Saved entries:
--------------------------------

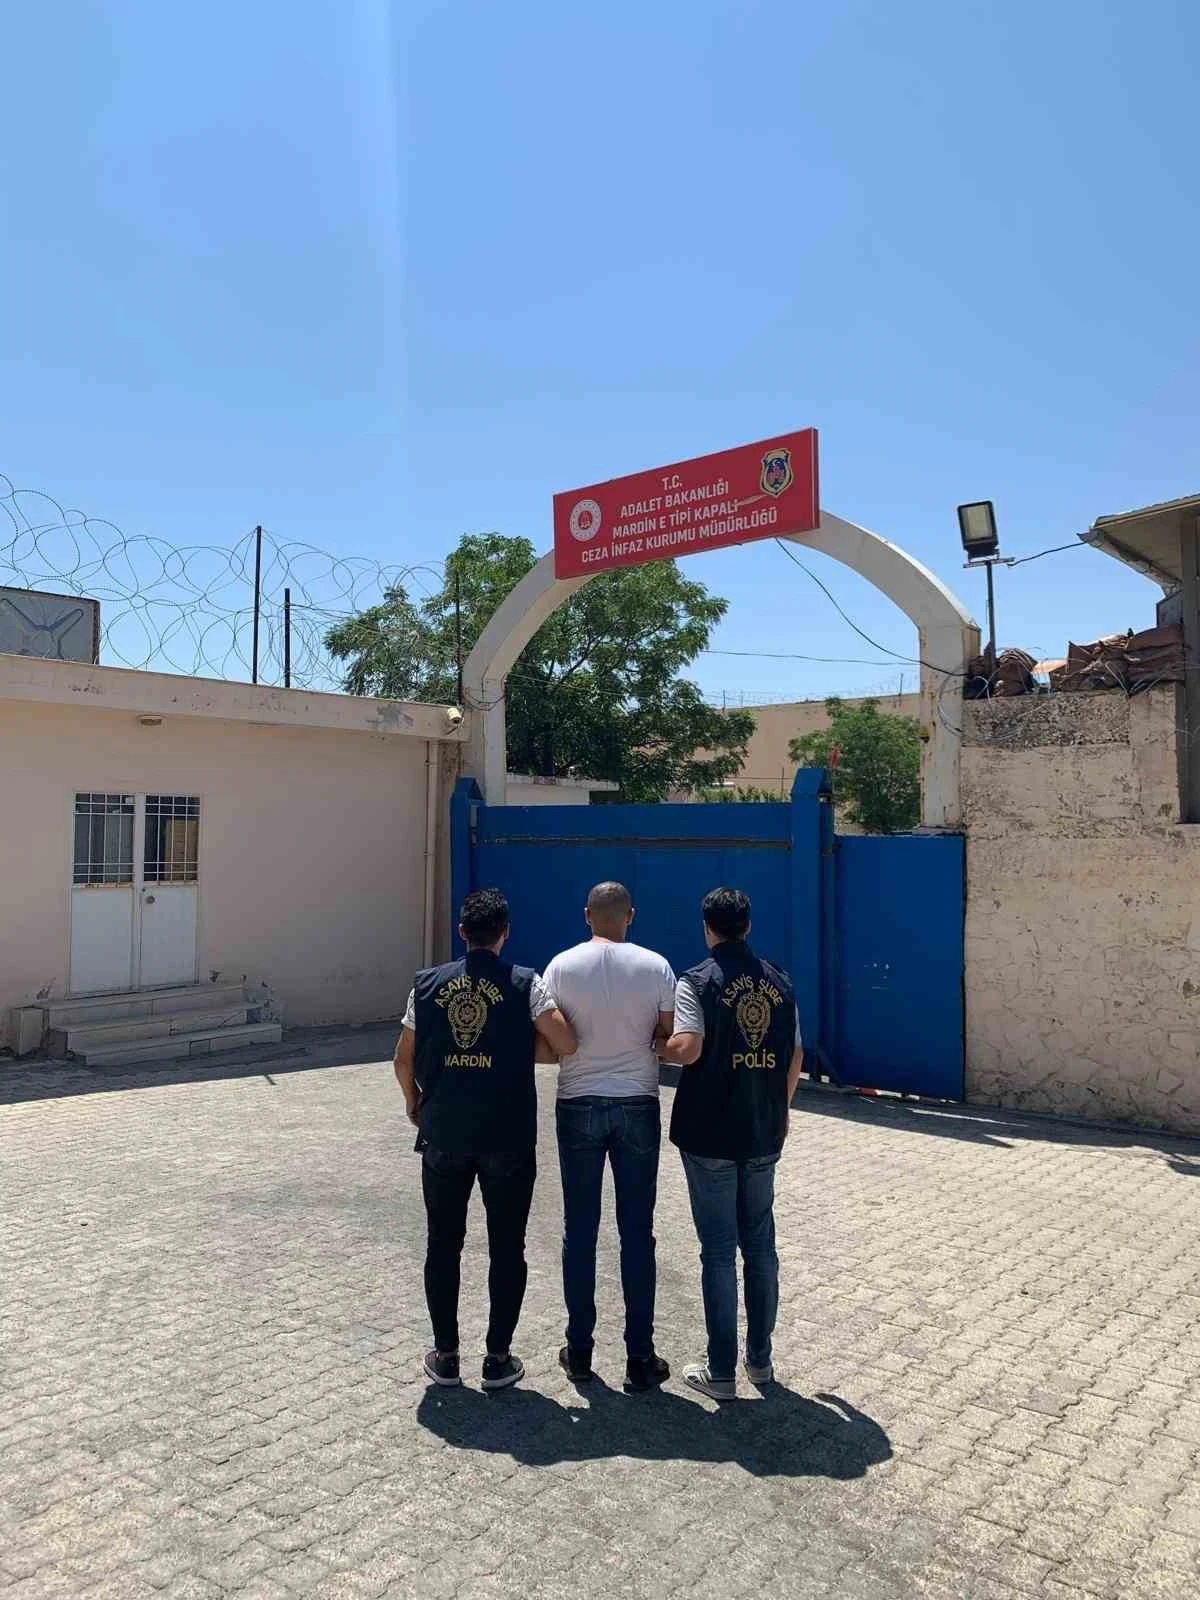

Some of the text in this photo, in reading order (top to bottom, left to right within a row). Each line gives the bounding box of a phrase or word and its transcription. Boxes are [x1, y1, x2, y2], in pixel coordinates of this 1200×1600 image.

[621, 479, 729, 518] ADALET BAKANLIĞI
[661, 475, 683, 491] T.C.
[582, 507, 777, 563] CEZA İNFAZ KURUMU MÜDÜRLÜĞÜ
[612, 517, 657, 539] MARDİN
[659, 515, 666, 529] E
[669, 506, 691, 526] TİPİ
[732, 1048, 776, 1070] POLİS
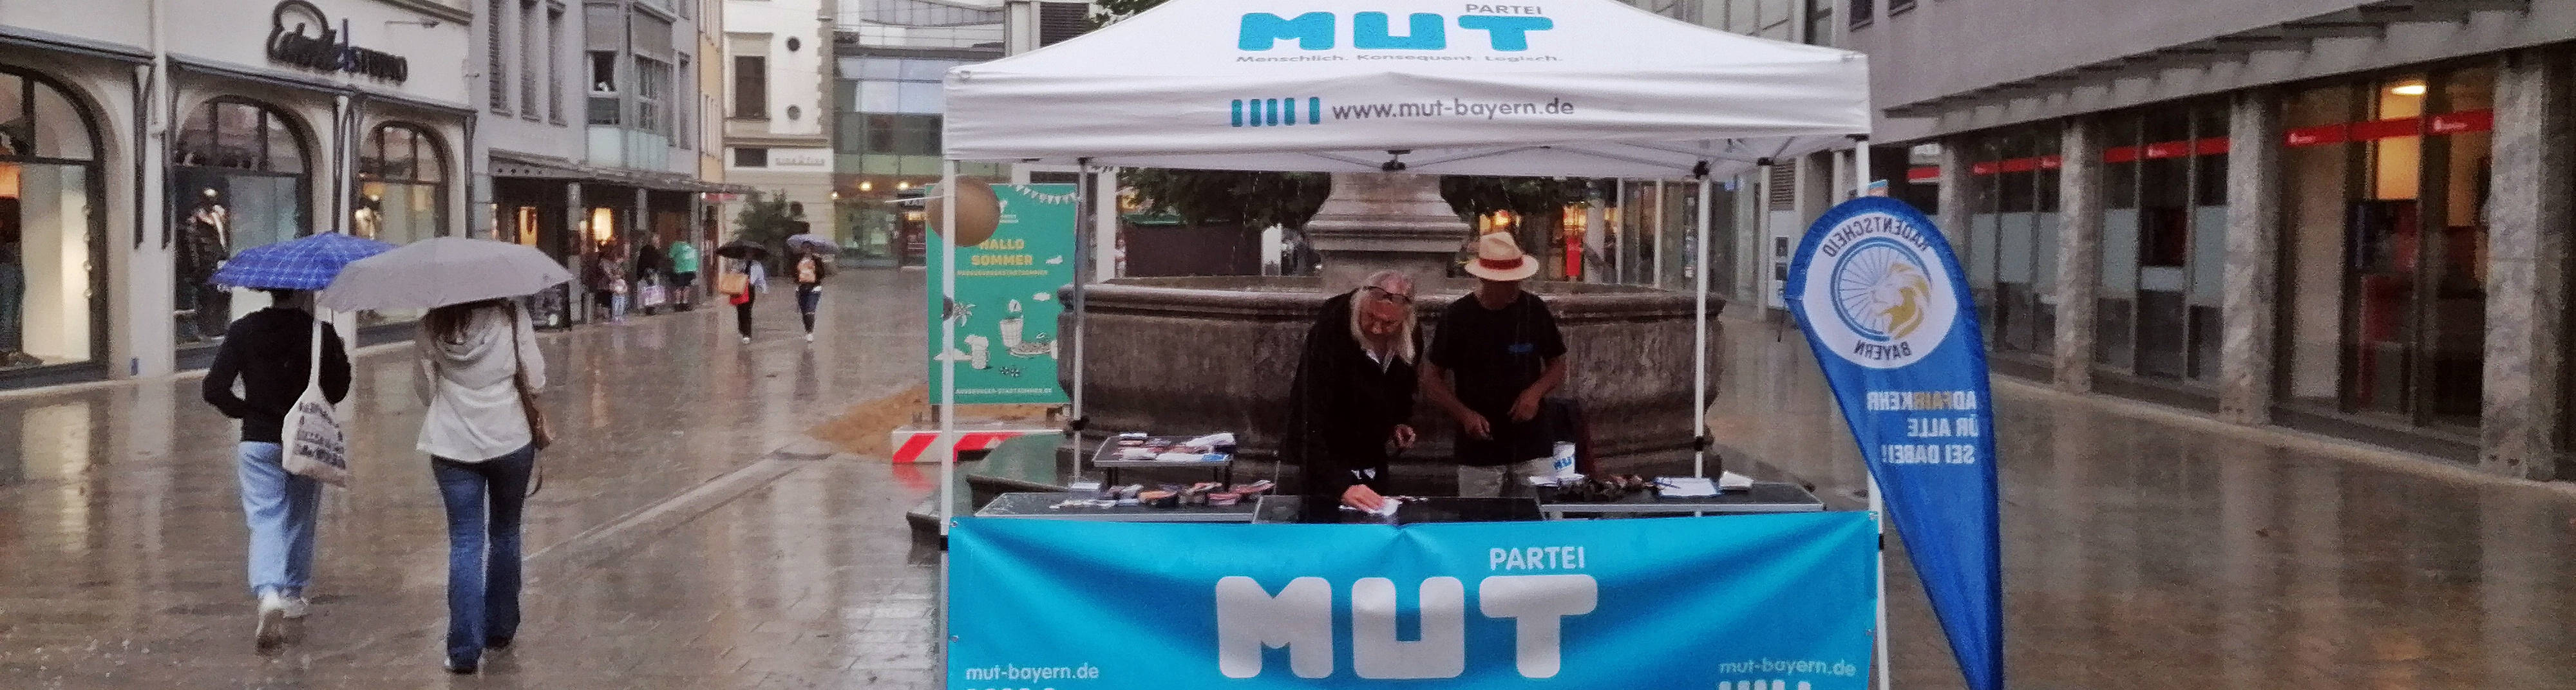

--------------------------------

— WHAT YOU ARE ASKED TO DO —
Write the lines above out again exactly, without any of their pictures.

— ANSWER FOR THIS EXERCISE —
Some of the text in this photo, in reading order (top to bottom, left to right within a row). Each line gives the bounding box of a phrase or word and its transcription. Boxes are [x1, y1, x2, y2], in pixel coordinates of this 1200×1600 image.

[621, 479, 729, 518] ADALET BAKANLIĞI
[661, 475, 683, 491] T.C.
[582, 507, 777, 563] CEZA İNFAZ KURUMU MÜDÜRLÜĞÜ
[612, 517, 657, 539] MARDİN
[659, 515, 666, 529] E
[669, 506, 691, 526] TİPİ
[732, 1048, 776, 1070] POLİS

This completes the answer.